下一章 目录 设置
1、第一章 我记得你, ...
-
天霖十五年冬。
京城刚下过一场初雪,天地间白雪皑皑,银装素裹,院墙上的冰柱源源不断地滴着水,几个婢女正连夜地清扫着道上的积雪。
正值冬至,院落的主人设下了夜宴,此时宴会上灯火通明,中央的火炉烧得很旺,窗外凛冽的寒风又吹落了几片枯叶,却一点也不影响屋内这一片其乐融融的景象。
席间,一位长相雌雄莫辨的公子百无聊赖地坐在那,一杯接着一杯的酒往下灌着,不时还迷离地吧嗒两下嘴。
此人正是军中盛传的威武大将军之子颜桦。
仰头喝尽最后一点酒,颜桦抬眼扫了眼周围,高位上端坐着的是当今陛下,龙威之下,臣子们个个都正襟危坐,不敢太过放肆。
几位位高权重的大臣侃侃而谈,不过寥寥几句,话头一转,竟谈论起小一辈的婚嫁之事来了,在坐的小辈不多,颜韶正是其中一个。
“最近颜家的门槛怕是都要踏破了,不知颜小将军有什么心仪的姑娘?”帝王装作不经意地开口。
颜韶酒已喝光,酒意上头,脸颊泛起两坨绯红,燥热得很,她扯了扯领口,听到这话,又不得不强迫自己清醒一些回答:“臣愿一生报效朝廷,娶妻之事,还为时尚早。”
“这说的哪的话,要是颜家断了香火,岂不是朕的罪过,今日,不如由朕赐婚,将公主许配给你如何?”
这原是天大恩赐,可落在颜桦头上与催命符无异,还没等他说什么,颜父就先着急了:“陛下,小儿性子顽劣,从小在边关散养惯了,成日没个成型,公主国色天香,配我家这个不成器的,实属委屈殿下了。”
“将军真是谦虚了,颜桦将相之才,一点都不委屈。”
皇帝依旧不依不饶,有种不把婚事定下来不罢休的架势。
颜桦索性跪了下来,语气坚定:“陛下,臣并无娶妻的打算,请陛下恕罪。”
明晃晃的拒绝,甚至连个正经的理由都没有,是个人听到这话都会有些生气,更何况是万人之上的帝王。
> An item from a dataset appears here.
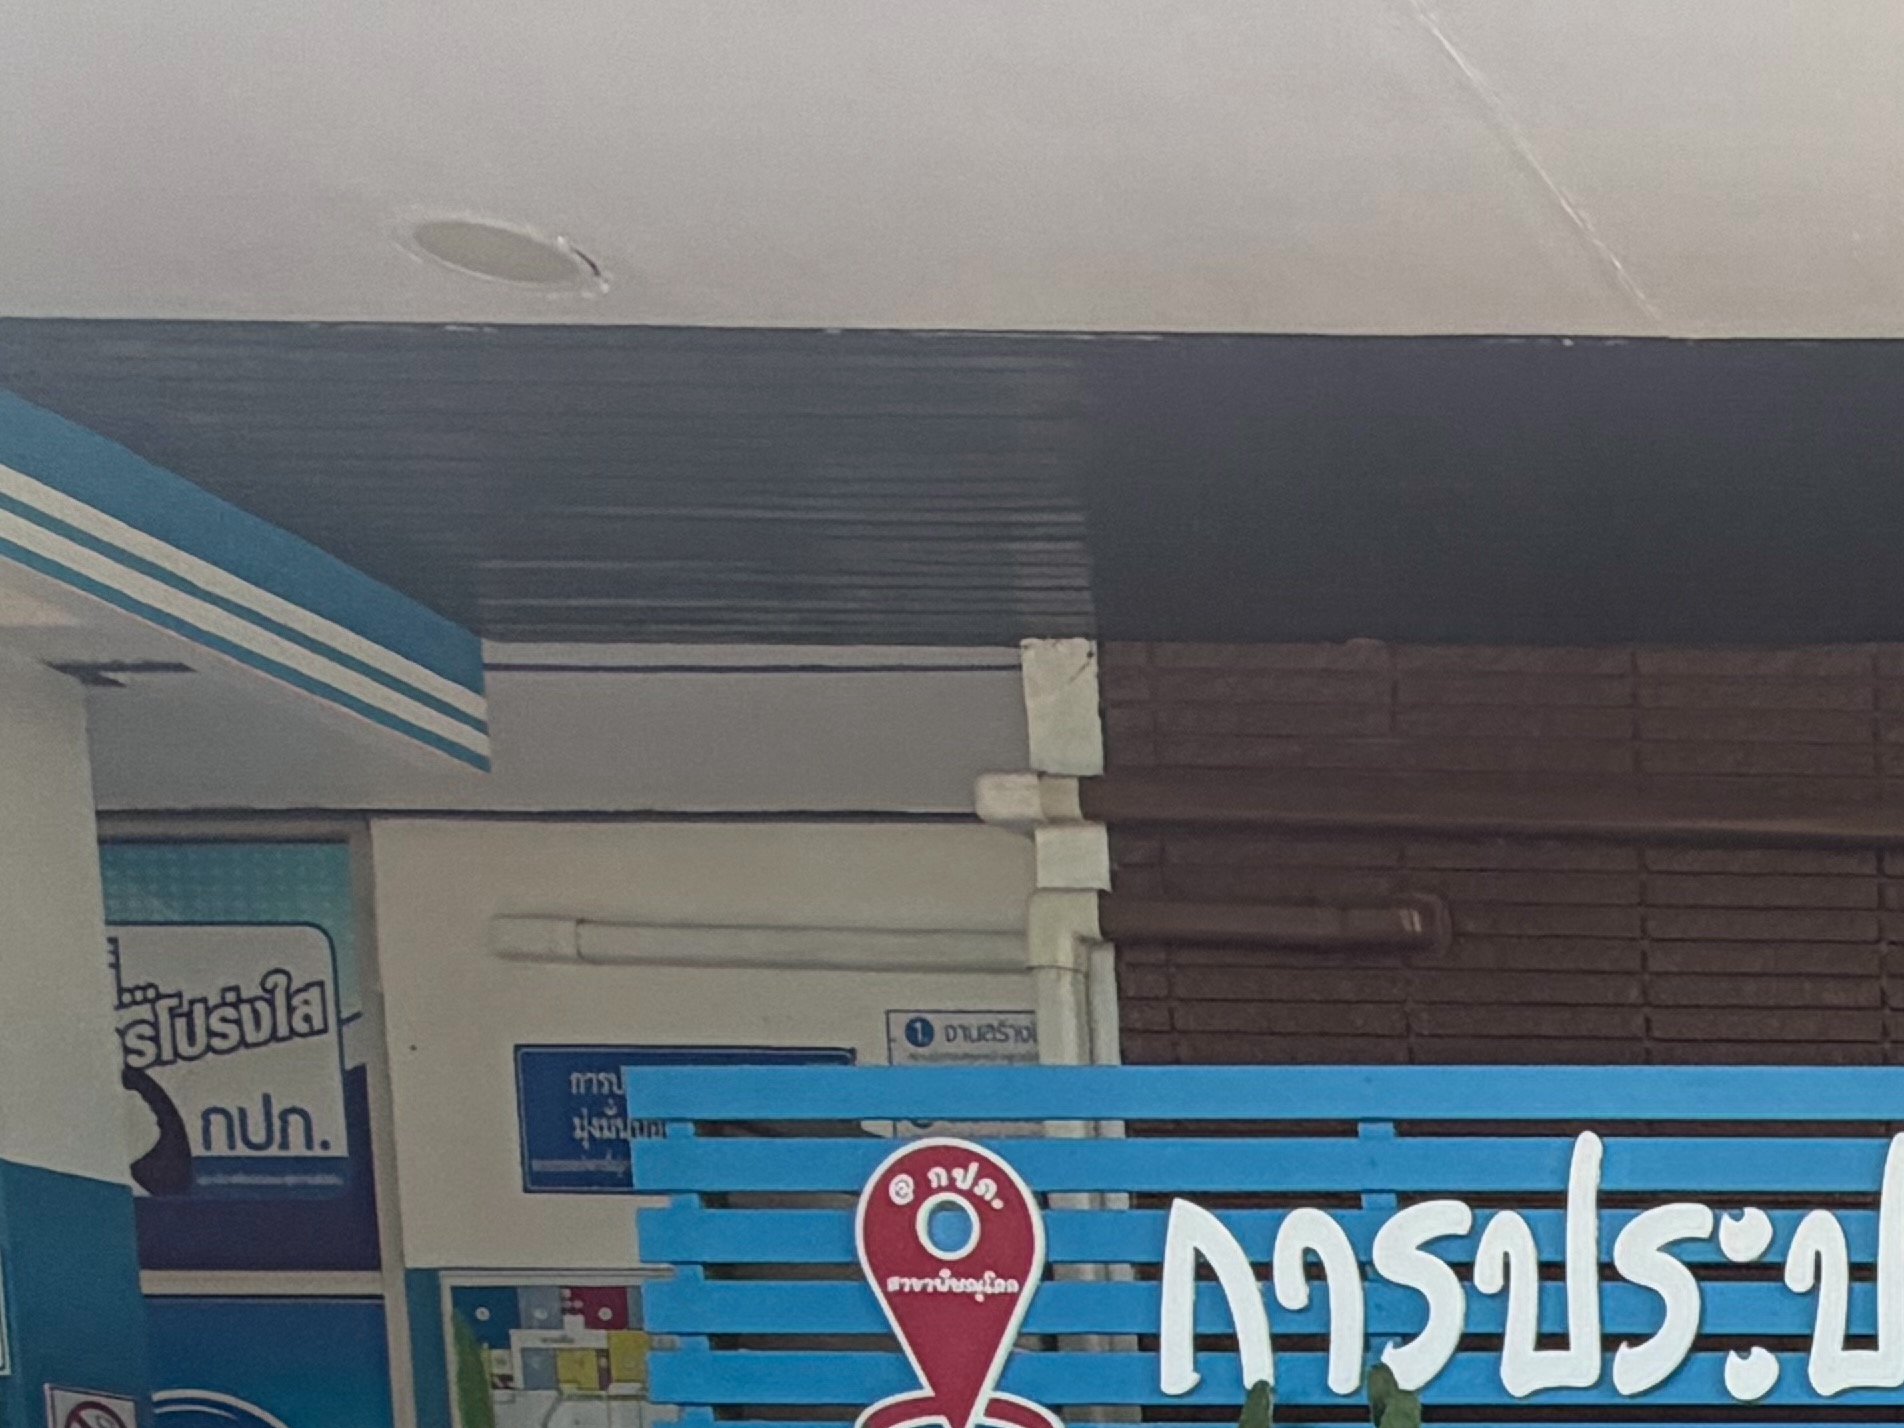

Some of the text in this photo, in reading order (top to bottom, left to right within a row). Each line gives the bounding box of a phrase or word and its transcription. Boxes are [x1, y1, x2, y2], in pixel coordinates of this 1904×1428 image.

陛下死盯着下首跪着的人不说话,气氛有些剑拔弩张,半晌,才忍着怒气沉沉警告:“小将军怕是吃醉酒了,去外面吹吹风吧。”
他踉踉跄跄地站起身,旁边的小厮们看见了想扶一把,却被他摆摆手打发了去。
掀开厚厚的门帘,一股冷风灌进,颜桦瑟缩了一下,倒还真让自己清醒了些。
旁边的符离忙递过来一个手炉让她捧着,边抖开大氅给她盖上边说道:“公子喝多了不妨去北边的园子散散酒意吧,那边的红梅前几日便开了,如今下了一场雪更好看了。”
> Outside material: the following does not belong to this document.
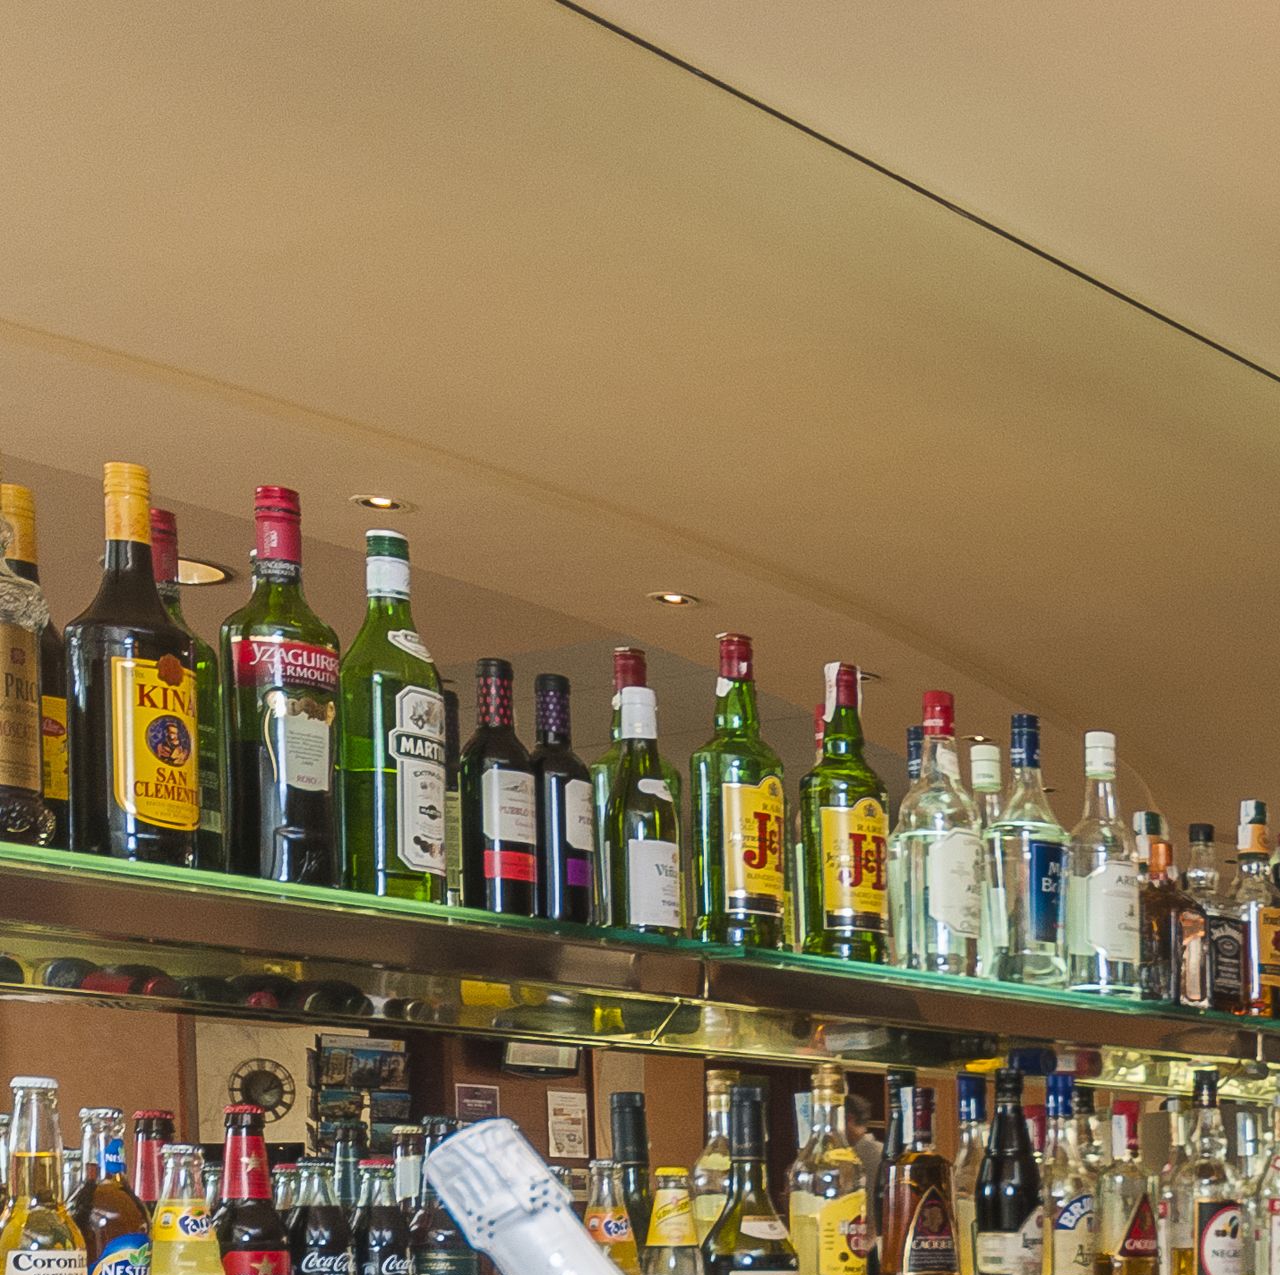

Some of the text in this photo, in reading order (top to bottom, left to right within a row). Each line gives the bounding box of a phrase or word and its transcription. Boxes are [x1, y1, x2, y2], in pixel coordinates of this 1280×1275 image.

[268, 663, 336, 684] VERMOUTH
[400, 736, 443, 761] MART
[156, 768, 187, 786] SAN
傲雪红梅是他最喜欢的,不畏严寒,凌霜而放,自带傲骨,这倒是与家中的小妹相似,他扭头吩咐:“待会你叫人带回去些好吃的给韶儿么,特别是这儿的酒,她应该喜欢的。”
说罢抬腿便朝着小厮说的方向去了。
符离刚取了伞还没拿上灯笼,却见自家主子已经走远,急急地喊着:“公子你等等我,雪天路滑,带盏灯再去吧”
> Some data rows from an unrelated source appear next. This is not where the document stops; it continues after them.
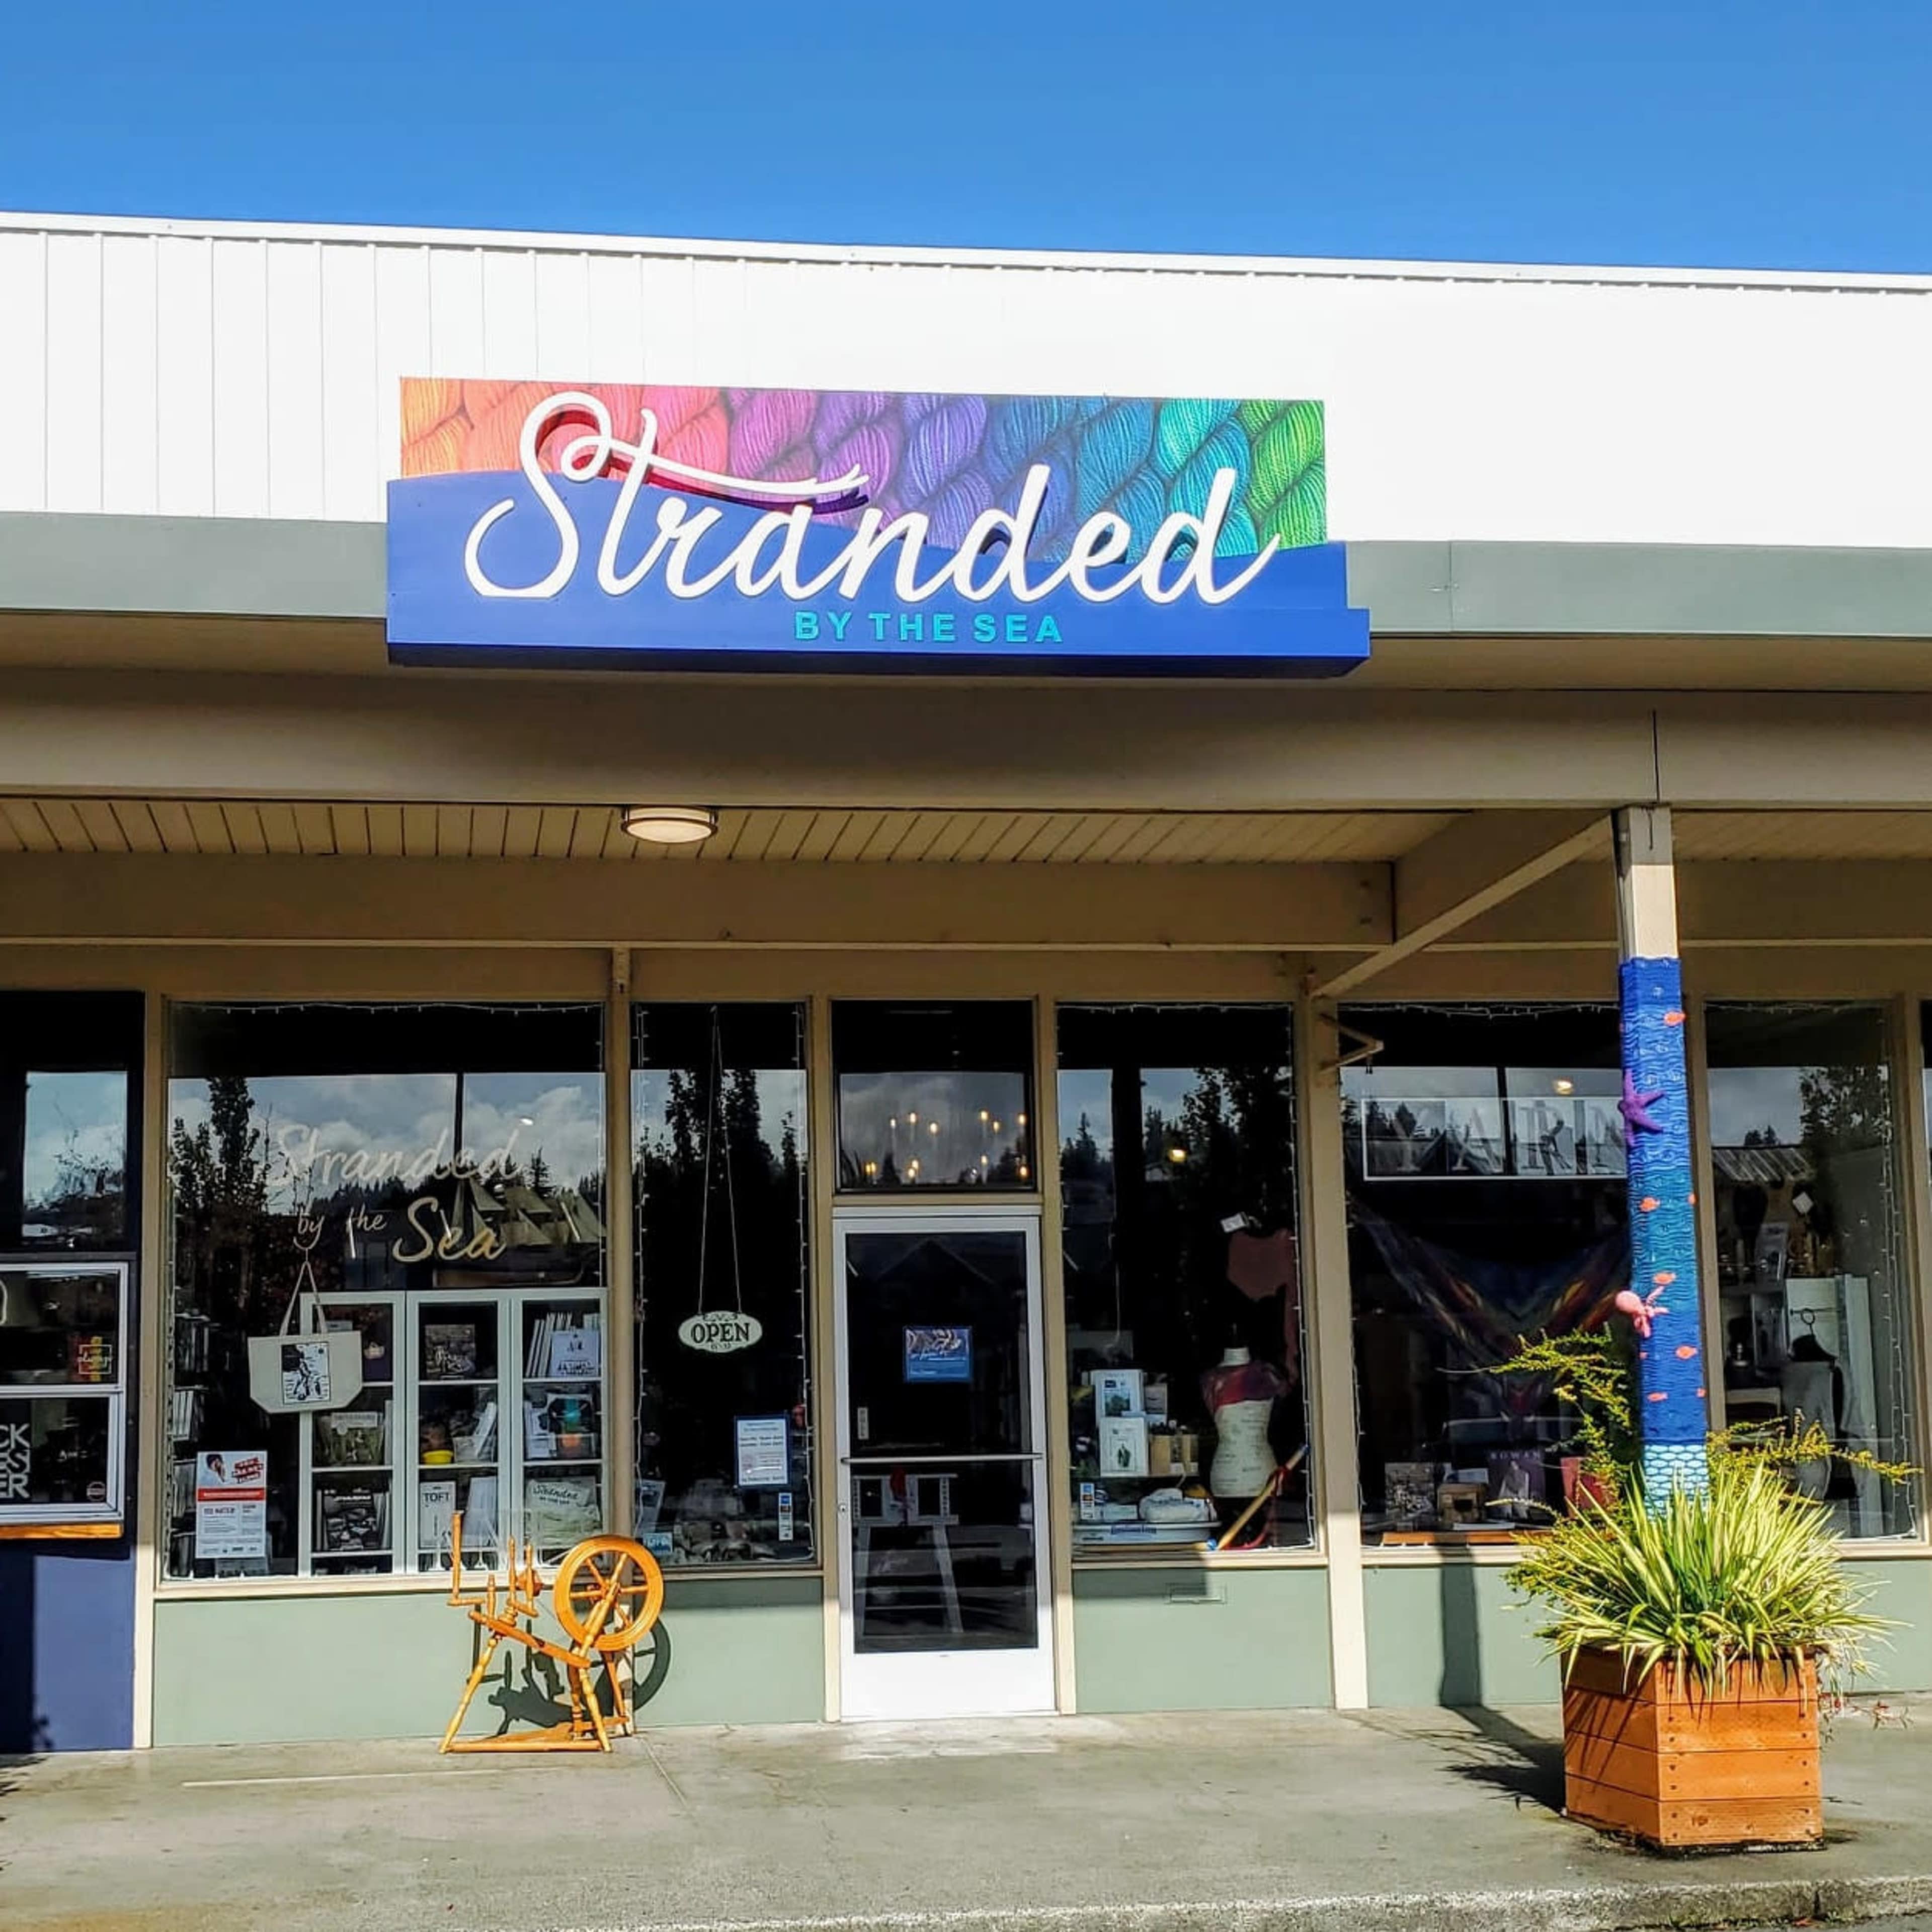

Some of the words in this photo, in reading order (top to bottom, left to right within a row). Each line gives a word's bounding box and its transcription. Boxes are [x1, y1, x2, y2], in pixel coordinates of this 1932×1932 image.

[465, 391, 1282, 605] Stranded
[794, 611, 851, 640] BY
[868, 612, 956, 642] THE
[973, 613, 1063, 643] SEA
[265, 1124, 524, 1186] Stranded
[293, 1203, 325, 1249] by
[346, 1205, 386, 1233] the
[392, 1196, 507, 1262] Sea
[691, 1322, 750, 1343] OPEN
[1491, 1450, 1541, 1460] ROWAN
颜韶充耳不闻,虽已酒醉,但脚下的步伐稳稳当当,还有越走越快的趋势,他本就没想走人跟着,大约转了一两个弯,便再也听不见符离的叫唤了。
院子大得很,好在颜桦方向感还不错,七拐八拐的还真让她找着了,梅园中大片的红梅隐在霜雪之下,星星点点的,在月光的照耀下就像是燃起火星似的,大有燎原之势。
这样是要在白日里一定更壮观,颜桦心底暗暗啧了两声,感叹这果真是皇家的院子,当真不同凡响,与家里母亲细心栽培的那片梅林相比......有过之而无不及。
大氅里暖和的紧,颜韶有点犯懒,连带着精神也不怎么好了,此刻醉意重新涌了上来,她只觉得脸烧得很,有些难受。
他抖了抖肩上的积水踩着厚厚的雪往深处走去,吱嘎吱嘎的声响在幽静的环境中格外响亮,惊动了梅园深处的人儿。
“谁?”
颜桦脚步一顿,往里头望去,只见一位身着白色长袍的美人背对着他立在黑暗深处,显得格外明亮,昏暗的灯光打在侧过来的脸上衬的雪肤更是白皙,犹如不小心落入凡尘的仙子,美得那么不真实。
愣是把周圈别致的美景都给比下去了。
大概实在喝太多了,颜桦只感觉自己现在跟泡在酒坛子里没区别,脚步不听使唤地走上前,想要去寻那翩翩仙子。
他慢慢走近,伸手就快要触摸到那张勾人的侧脸,混沌的大脑机械运转着。
仙子晃了下转过身,发丝从指尖划过,颜桦意识突然清醒,清冷的面庞清晰地印在眼底,与记忆中的太子殿下逐渐重合。
他还是第一次贴太子殿下如此之近,甚至都能感觉到对方灼热的呼吸。
对方瓷白的脸上都能看到细小的绒毛、长翘的睫毛下是如月般的明眸,美若天仙,也不过如此吧。
简直都快要疯了,他知道太子殿下长得甚是好看,没想到会如此的......妖孽。
颜桦咽了咽口水,本就快罢工的大脑更是直接宕机了,好在回神得还算快,意识到自己唐突的行为,忙退了两步拉开距离,规规矩矩行了个军礼,“是臣唐突了,还望殿下恕罪。”
跟前的人许久没有回音,他懊悔地挤了挤眉眼,暗道不好,自己今日真是喝酒喝糊涂了,先是拒旨,先是还跑来轻薄太子,简直就是嫌命长了。
等了好一会,微微抬头,却与太子的目光撞了个正着,又低了下去。
萧暮昑平复了一下呼吸,问出这么一句:“你是颜桦?”
颜桦顿了顿,如实回答:“臣正是。”
“我记得你,少年将军,鲜衣怒马......”
那是颜大将军少有回京的一日,兵马从城门口而入,这位少年将军骑着一匹汗血宝马,少年将军的飒爽,宝马的傲气,相称相宜,英姿卓卓,叫人见了便挪不开眼,正如现在跪着的模样。
颜桦能感觉到他一直注视着自己,却也只能恭敬地行礼,要说对这位太子的初印象,只觉得这人如这冰雪般有点清冷,眉眼间对任何人都带着点疏离,看起来更是个自家门口的那俩石狮子,淡淡的神色,没什么多余的表情。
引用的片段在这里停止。